The most important changes to the Formula 1 cars of 2022


Formula 1 will be overhauled from next season. With some major rule changes, the sport hopes to create a more competitive field where multiple teams can battle for wins and podiums. The costs must also be reduced. The main focus, however, is to make it easier to follow and overtake. We’ve listed the biggest changes for you.

The regulation changes are accompanied by a partly new car. In particular, the aerodynamic regulations have been adjusted, giving the weaponry a significant facelift. Formula 1 pulled the curtain on the concept car for the first time at Silverstone last year. Originally, the new regulations were supposed to come into effect in 2021, but they were postponed one year due to the pandemic.

New Aerodynamics

One of the biggest pain points of the cars in recent years has been the loss of downforce during tracking. As soon as you drove close behind your predecessor, you got such a bucket of dirty air in your face that you lost a lot of grip. This made it extremely difficult to follow, and therefore also to overtake. When following about 20 meters away, drivers lost about 35 percent of their downforce. Around ten meters this rose to 47 percent. So almost half. You can imagine that you lose time in the corners because of this. Formula 1 wants to reduce this to four percent at 20 meters and 19 percent at ten meters.

Ground effect floor

To achieve this, a number of major aerodynamic changes have been made. Starting with the so-called ground-effect floor. By installing two long tunnels on the current flat floor, a much larger part of the downward force of the car will be generated by the underside of the car. This makes the car less sensitive to dirty air, but also immediately produces less dirty air. So win win. In addition, the upward airflow is directed further upwards, giving it longer time to lose energy before reaching a pursuer.
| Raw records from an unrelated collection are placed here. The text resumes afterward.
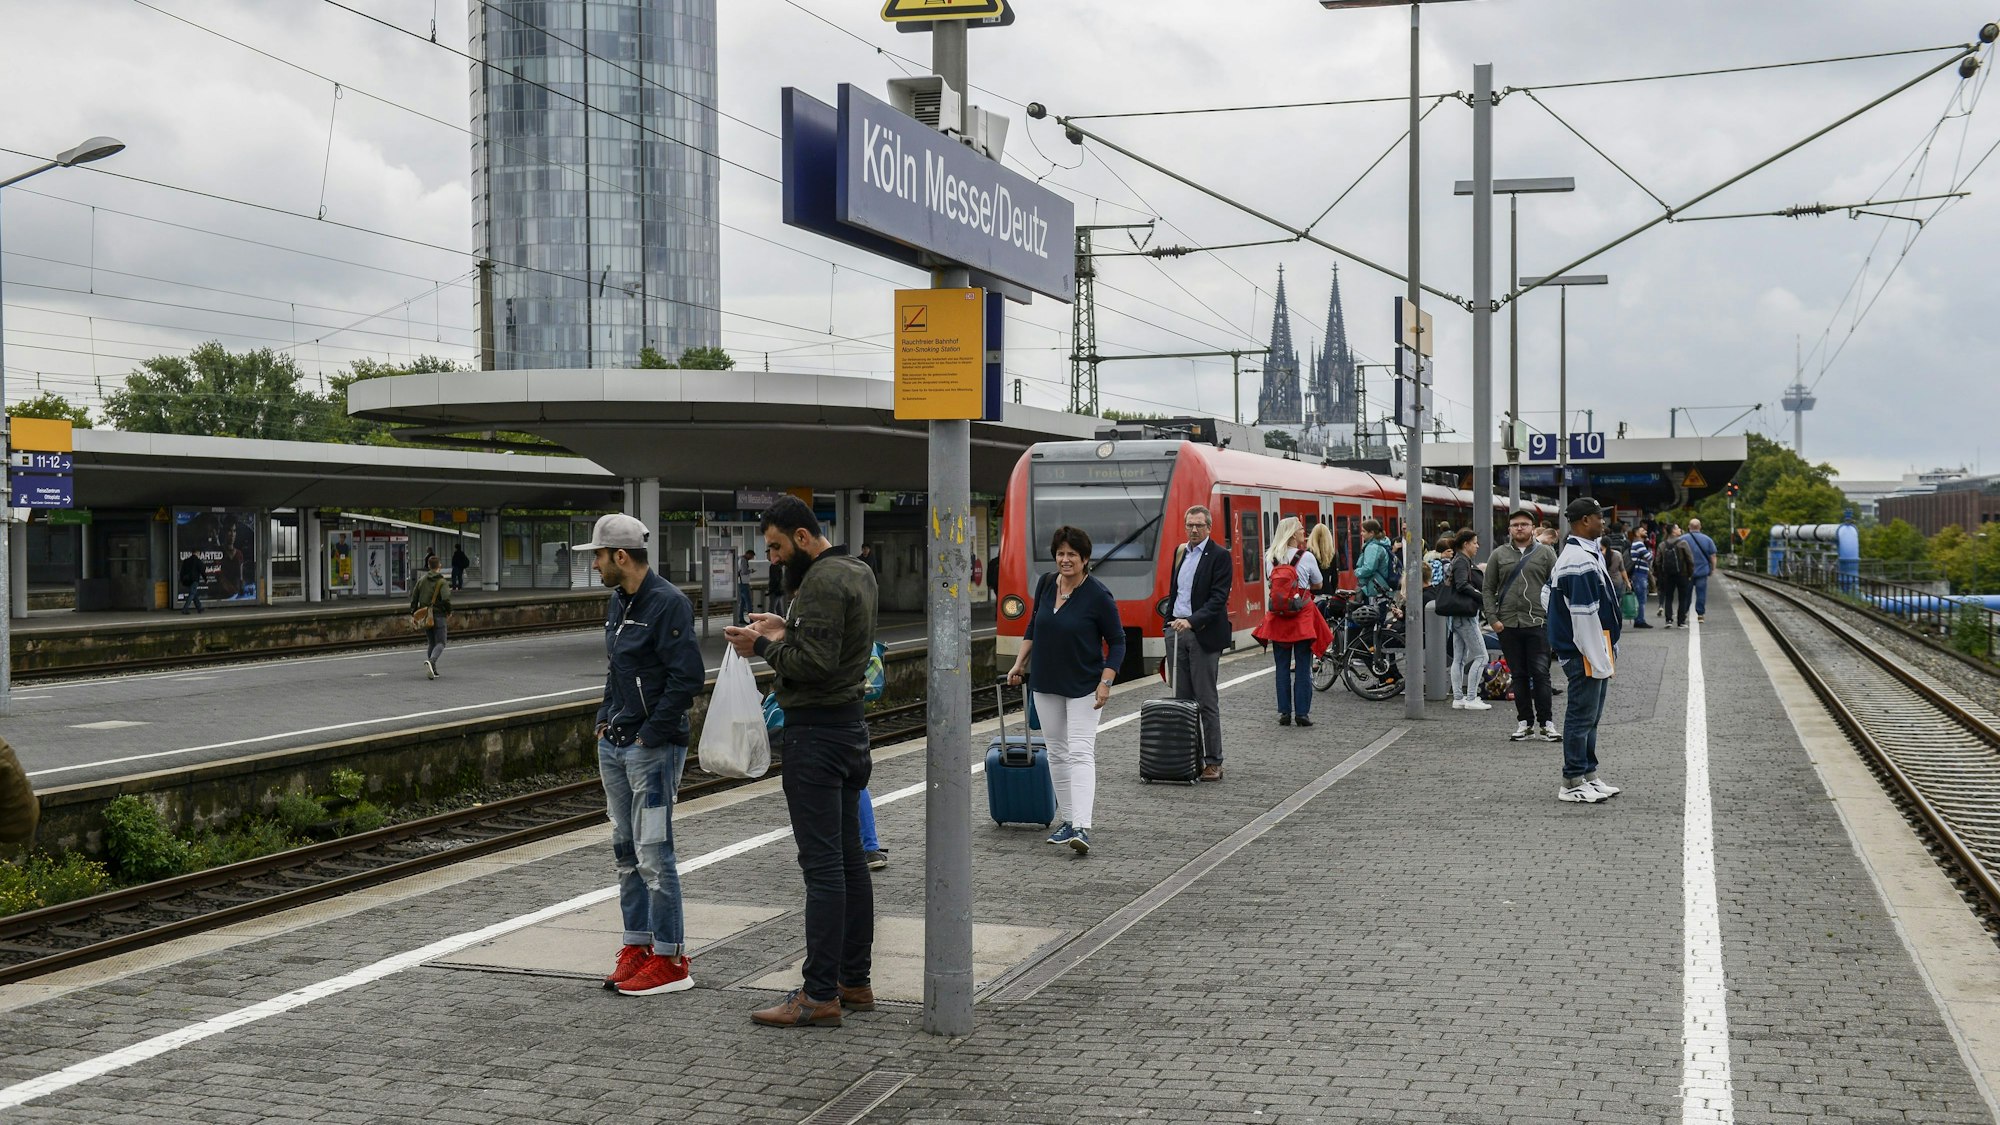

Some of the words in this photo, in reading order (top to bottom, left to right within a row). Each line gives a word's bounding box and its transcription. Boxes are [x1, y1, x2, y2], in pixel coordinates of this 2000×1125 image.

[863, 118, 917, 204] Köln
[925, 148, 1048, 259] Messe/Deutz
[902, 346, 940, 354] Non-Smoking
[1532, 434, 1547, 455] 9
[1575, 433, 1601, 454] 10
[36, 455, 60, 468] 11-12
[180, 551, 223, 560] UNARTED
Front wing and nose simplified

The front wings in Formula 1 have regularly been made less complex in recent years, but this time the entire design is being overhauled. The new front wing should both generate more consistent downforce during tracking and ensure that the dirty air at the front of the car is directed past the front wheels as efficiently as possible. Also, the endplates are now one piece with the front wing itself. The front wing and nose are not standardized, but the teams now have to adhere to much more regulations than before.

rear wing

The rear wing has also been overhauled. In addition to looking a lot simpler and more stylish, it also has an important new feature. Rear wings were previously designed to direct airflow both upwards and outwards. However, this still left a pursuer in the dirty air. The new design should allow the airflow to rise in a kind of mushroom shape, so that less dirty air ends up on the track.

18-inch tires

Another big change are the 18-inch tires. These are considerably larger than the former 13-inch tires, giving the cars a different look. These slippers are designed in such a way that they are less likely to overheat, which improves chasing. Drivers should also be able to push longer during a stint. However, there is still a loss in performance, which means that strategic choices remain interesting. The lower profile should also contribute to less airflow.
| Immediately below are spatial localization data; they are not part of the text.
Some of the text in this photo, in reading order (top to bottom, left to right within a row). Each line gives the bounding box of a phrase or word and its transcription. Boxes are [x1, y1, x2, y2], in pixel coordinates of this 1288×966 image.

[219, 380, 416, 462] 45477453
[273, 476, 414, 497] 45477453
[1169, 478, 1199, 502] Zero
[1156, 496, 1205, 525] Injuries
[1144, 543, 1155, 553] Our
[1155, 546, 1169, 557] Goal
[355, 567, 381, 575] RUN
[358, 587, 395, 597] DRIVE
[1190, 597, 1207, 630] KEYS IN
Wheel covers and tire wings

Two completely new additions to the 2022 car are the so-called over-wheel winglets (the wings that hang over the front tires) and hubcaps. You read that right, Formula 1 cars get hubcaps. These wings are to direct the airflow from the front wheels past the rear wheels. The hubcaps are quite literally there to function as a cap, so that engineers cannot send more dirty air through the tires through a clever trick. Bargeboards and hydraulic suspension are prohibited.

More bio fuel

The engines remain the same. The current 1.6 turbo hybrid engines will also be used next season. However, more sustainable fuel will be used. Where currently 5.75 percent of the fuel must consist of bio-components, this will be increased to 10 percent by means of the switch to E10 fuel.


Of course, safety has also been taken into account. The chassis now has to absorb 48 percent more energy during the front crash test, while the rear has to withstand 15 percent more. Lessons have also been learned from the crash of Romain Grosjean in 2020, which released the fuel and caught fire. In such a crash, the engine should now safely detach from the chassis without risk of explosion. Furthermore, the nose of the car has been extended to dissipate more energy during a crash. This is following the fatal accident of Anthoine Hubert at Spa in 2019. Finally, the minimum weight of the car will increase to 790 kilos. This was 752 kilos.